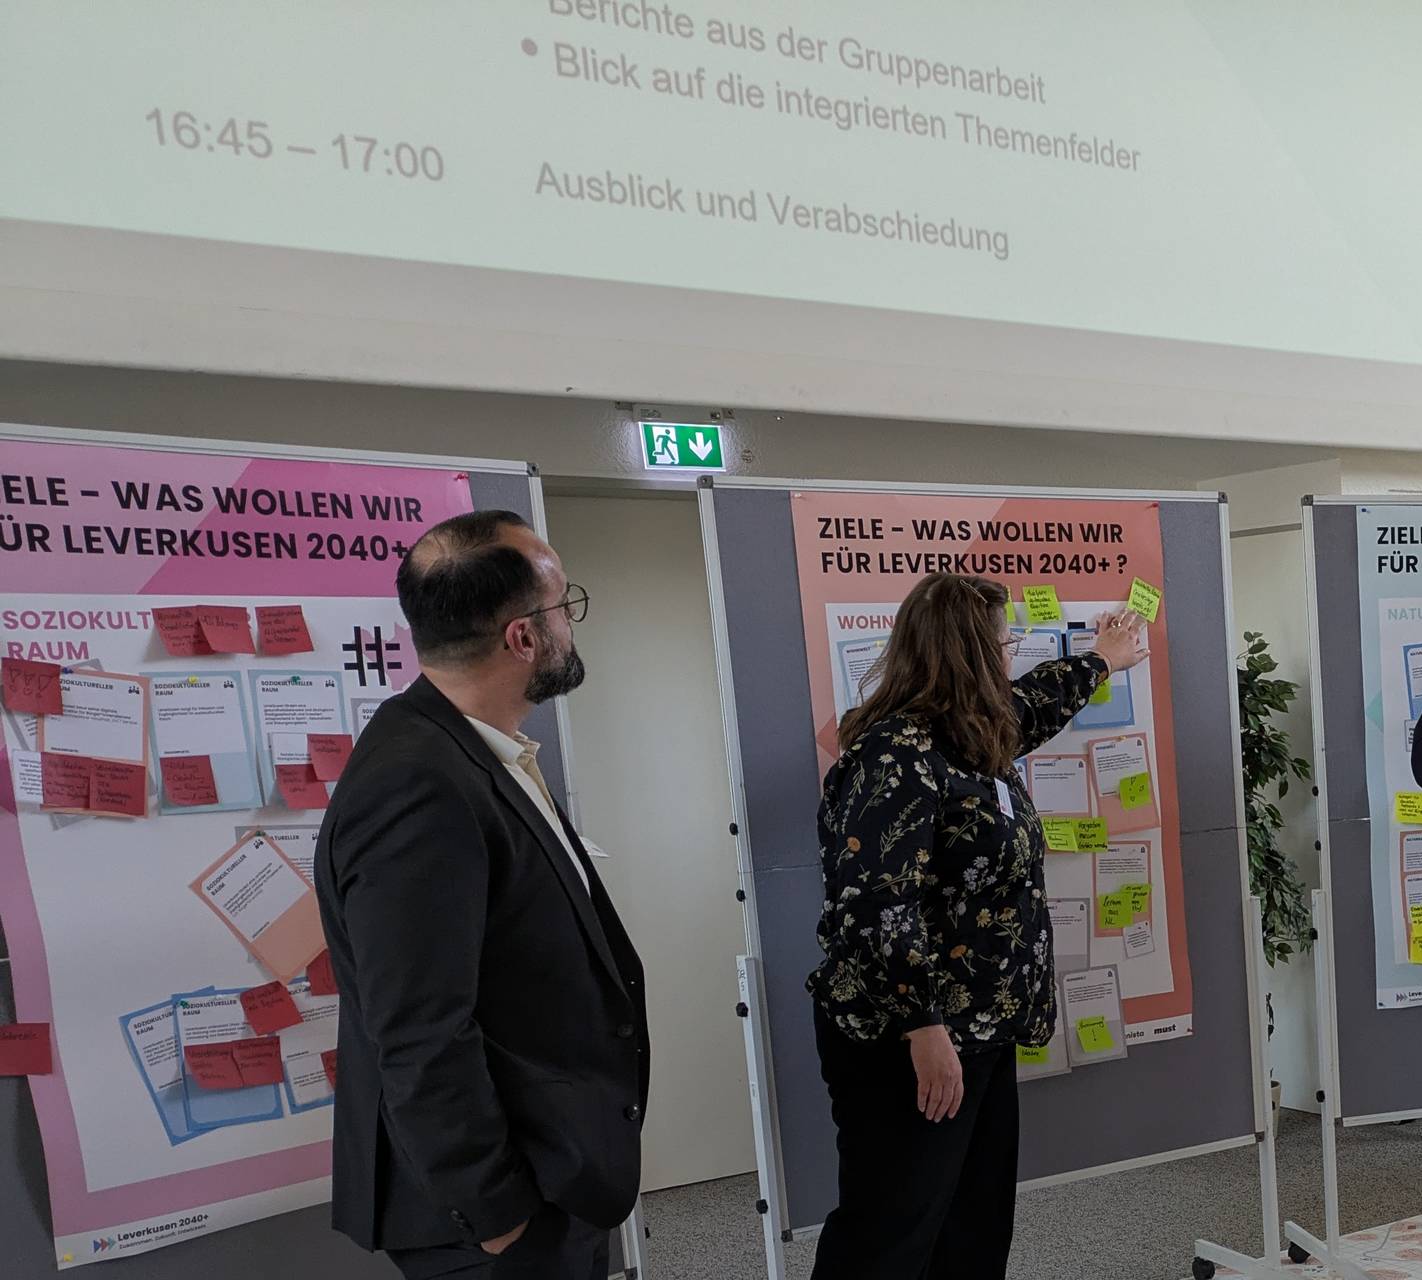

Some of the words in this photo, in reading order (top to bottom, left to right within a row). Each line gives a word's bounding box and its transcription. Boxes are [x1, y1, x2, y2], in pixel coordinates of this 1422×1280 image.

[706, 15, 766, 53] aus
[777, 27, 828, 64] der
[838, 37, 1046, 105] Gruppenarbeit
[554, 42, 642, 90] Blick
[652, 67, 706, 100] auf
[715, 72, 765, 110] die
[776, 81, 947, 141] integrierten
[954, 112, 1142, 172] Themenfelder
[145, 107, 274, 160] 16:45
[330, 132, 445, 184] 17:00
[535, 161, 686, 214] Ausblick
[696, 187, 758, 223] und
[766, 191, 1010, 261] Verabschiedung
[0, 475, 69, 506] ELE
[111, 481, 204, 512] WAS
[212, 486, 353, 519] WOLLEN
[360, 494, 423, 522] WIR
[62, 524, 298, 560] LEVERKUSEN
[306, 533, 408, 562] 2040+
[817, 517, 884, 540] ZIELE
[911, 519, 971, 541] WAS
[977, 520, 1073, 543] WOLLEN
[1079, 523, 1124, 543] WIR
[821, 546, 872, 574] FÜR
[878, 552, 1034, 574] LEVERKUSEN
[1039, 554, 1111, 575] 2040+
[1117, 554, 1128, 574] ?
[1377, 550, 1419, 574] FÜR
[2, 610, 152, 630] SOZIOKULT
[837, 615, 896, 630] WOHN
[7, 641, 90, 661] RAUM
[60, 679, 114, 690] ZIOKULTURELLER
[1126, 1030, 1145, 1040] nista
[1153, 1024, 1177, 1035] must
[117, 1221, 178, 1242] Leverkusen
[178, 1214, 209, 1228] 2040+

● ● ● ● ● ● ●

- _Exercise_
Reproduce each line of the records exactly and exclude any images.

- _Solution to this task_
Some of the words in this photo, in reading order (top to bottom, left to right within a row). Each line gives a word's bounding box and its transcription. Boxes are [x1, y1, x2, y2], in pixel coordinates of this 1422×1280 image.

[706, 15, 766, 53] aus
[777, 27, 828, 64] der
[838, 37, 1046, 105] Gruppenarbeit
[554, 42, 642, 90] Blick
[652, 67, 706, 100] auf
[715, 72, 765, 110] die
[776, 81, 947, 141] integrierten
[954, 112, 1142, 172] Themenfelder
[145, 107, 274, 160] 16:45
[330, 132, 445, 184] 17:00
[535, 161, 686, 214] Ausblick
[696, 187, 758, 223] und
[766, 191, 1010, 261] Verabschiedung
[0, 475, 69, 506] ELE
[111, 481, 204, 512] WAS
[212, 486, 353, 519] WOLLEN
[360, 494, 423, 522] WIR
[62, 524, 298, 560] LEVERKUSEN
[306, 533, 408, 562] 2040+
[817, 517, 884, 540] ZIELE
[911, 519, 971, 541] WAS
[977, 520, 1073, 543] WOLLEN
[1079, 523, 1124, 543] WIR
[821, 546, 872, 574] FÜR
[878, 552, 1034, 574] LEVERKUSEN
[1039, 554, 1111, 575] 2040+
[1117, 554, 1128, 574] ?
[1377, 550, 1419, 574] FÜR
[2, 610, 152, 630] SOZIOKULT
[837, 615, 896, 630] WOHN
[7, 641, 90, 661] RAUM
[60, 679, 114, 690] ZIOKULTURELLER
[1126, 1030, 1145, 1040] nista
[1153, 1024, 1177, 1035] must
[117, 1221, 178, 1242] Leverkusen
[178, 1214, 209, 1228] 2040+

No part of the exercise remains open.